Abstract: Recent decades have seen growing interest in the quality of employment available to citizens, with decent work for all being one of the objectives outlined in the 2015 Sustainable Development Goals developed by the United Nations. Consequently, this has generated debate about how we define job quality, with the literature indicating that this is a multi-faceted concept and relates to those features of a person’s work that influence their wellbeing. In the UK, job quality is considered to consist of eighteen indicators covering seven broad dimensions. Despite this, earnings is the only recognised job quality indicator used when assessing the graduate labour market (which we show is not particularly well correlated with wellbeing). The other outcome that is often drawn upon (whether or not a graduate moves into ‘highly skilled’ employment) is generated using occupation type and is not in itself an indicator of job quality.

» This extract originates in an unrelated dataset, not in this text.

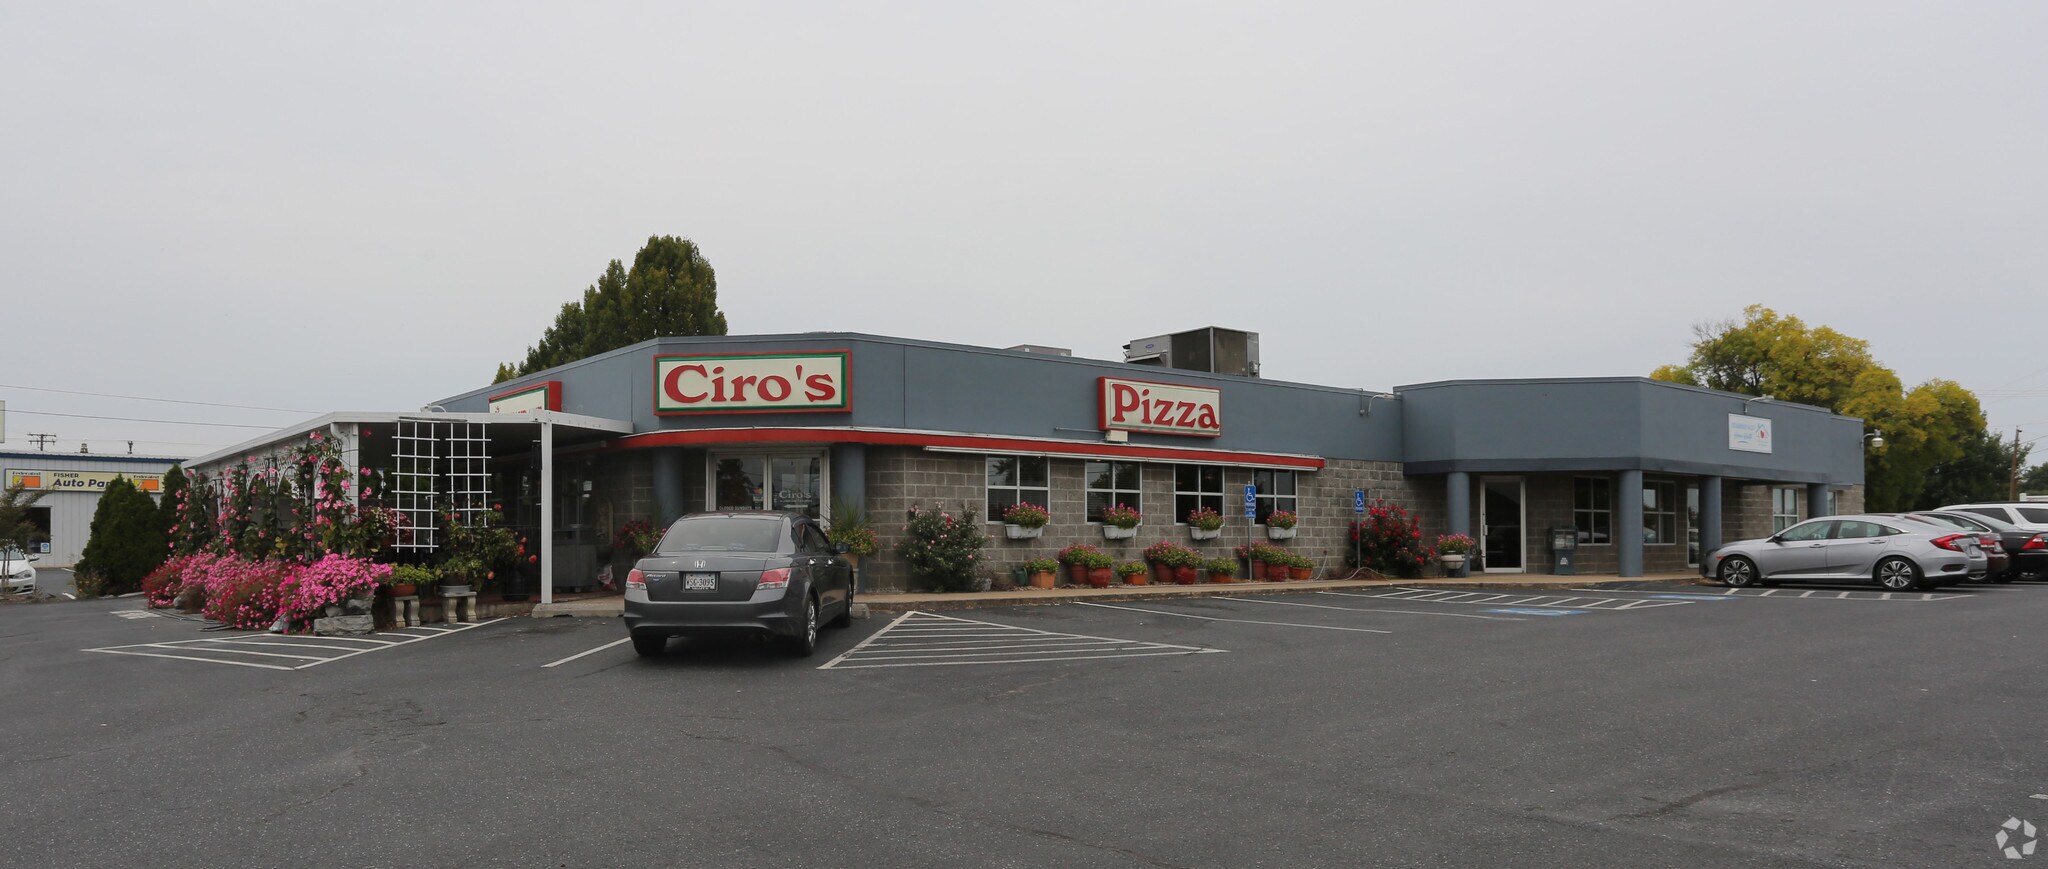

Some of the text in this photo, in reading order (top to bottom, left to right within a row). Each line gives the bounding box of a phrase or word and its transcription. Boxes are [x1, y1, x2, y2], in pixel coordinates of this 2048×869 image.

[664, 363, 836, 403] Ciro's
[1111, 383, 1220, 429] Pizza
[53, 479, 85, 487] Auto
[779, 490, 812, 499] Ciro's

The purpose of this paper is to expand the data available on the work undertaken by UK graduates through creating a composite measure for one of the seven components of employment quality – the ‘job design and nature of work’. This is non-financial in nature and encompasses features of work such as the extent to which it provides a sense of purpose, utilises the individual’s skills and offers progression opportunities. We illustrate how the composite variable has a positive association with wellbeing, before demonstrating how the measure can complement current statistics produced on graduate outcomes (e.g. in highlighting previously unknown inequalities in the labour market).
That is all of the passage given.